In geography map-drawing is required. In nature study, notebooks with drawings of natural objects seen are frequently kept. In sciences taught by the laboratory method drawing is an important element in success. Zoölogy, physiology, and botany are especially taught through drawing. In mechanics, and in engineering, drawing plays a prominent part. Thus it comes about that school marks in all these subjects depend to some extent on drawing of some kind. If psychological study shows capacity for drawing to be largely or utterly dissociated from general intelligence, the use of drawing to so great an extent, as a method of recitation in the sciences especially, may be undesirable. The belief that drawing used in this way fails to meet the need of many pupils, otherwise apt in science, led Ayer to undertake the interesting investigation to which it will be necessary to give our attention in detail, throughout this chapter.

III. PSYCHOLOGICAL ANALYSIS OF TALENT IN DRAWING

It is quite interesting to notice that the analysis of ability in reading, spelling, and arithmetic has been approached largely through studies of the particularly deficient, while in the case of drawing and music the approach has been through study of the gifted, to a greater extent.

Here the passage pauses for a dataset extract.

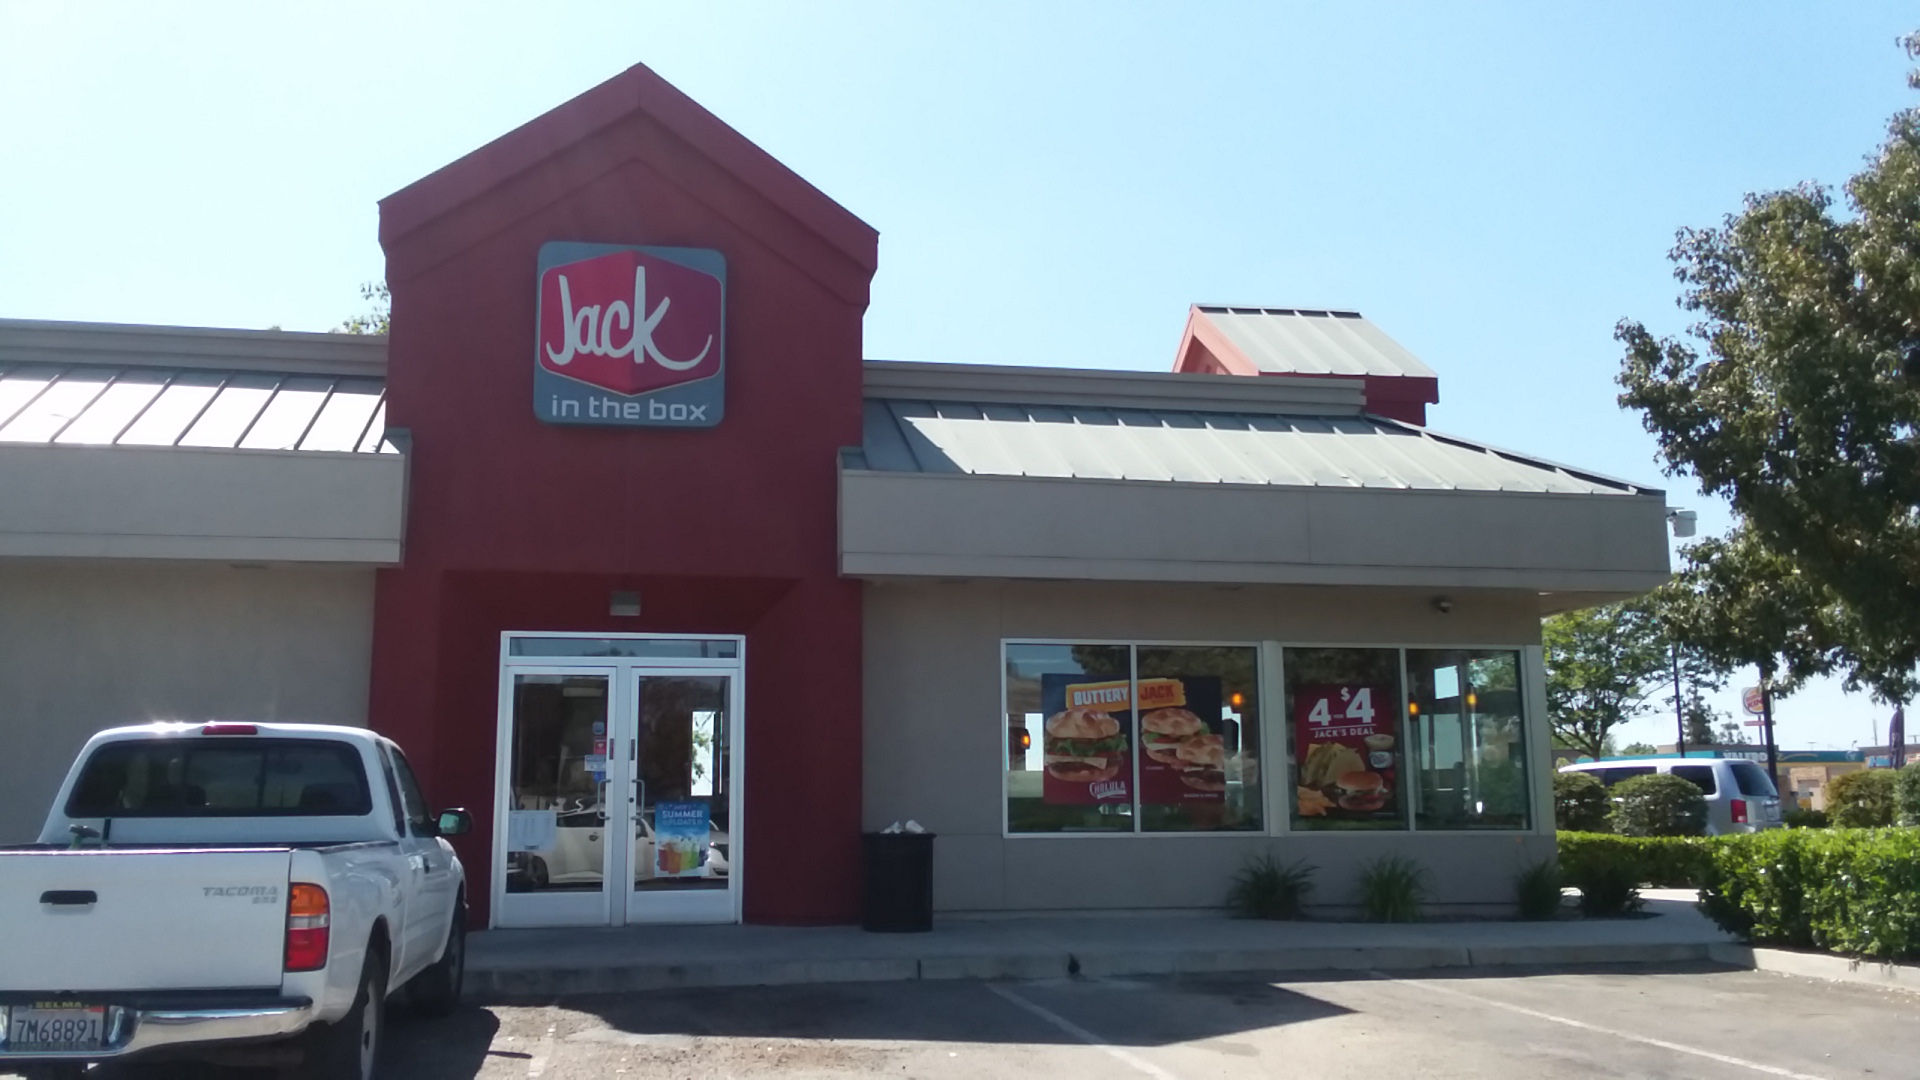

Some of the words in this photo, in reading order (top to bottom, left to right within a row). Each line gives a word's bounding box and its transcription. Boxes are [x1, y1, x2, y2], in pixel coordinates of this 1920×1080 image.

The psychographic study of individual talent in drawing was preceded by many investigations of what children draw, at what ages various details appear in drawings, how the drawings of one group compare with those of another, and what people say about the drawings they make. These studies, up to 1915, have been brought together by Ayer, and are so well summarized by him in relation to the study of aptitude, that there is no need to summarize them again. Those who desire to become familiar with the whole literature of the psychology of drawing will do well to consult Ayer’s work.

Several analyses of ability to draw have been undertaken, some through study of the particularly deficient, some through study of the conspicuously talented. Meumann thus states the causes of inefficiency in drawing:

(1) The will to analyze and to notice forms and colors has not been stimulated.

(2) The intention to analyze may be aroused, and yet the individual may find the analysis too difficult. This is a matter of innate talent.

(3) The memory of that to be represented may be deficient. It may be incomplete or vague in form or in color. The memory of spatial relations may be inadequate. This, too, is a matter of innate talent.

(4) There may be lack of ability to hold the image during the act of drawing. This capacity is innate.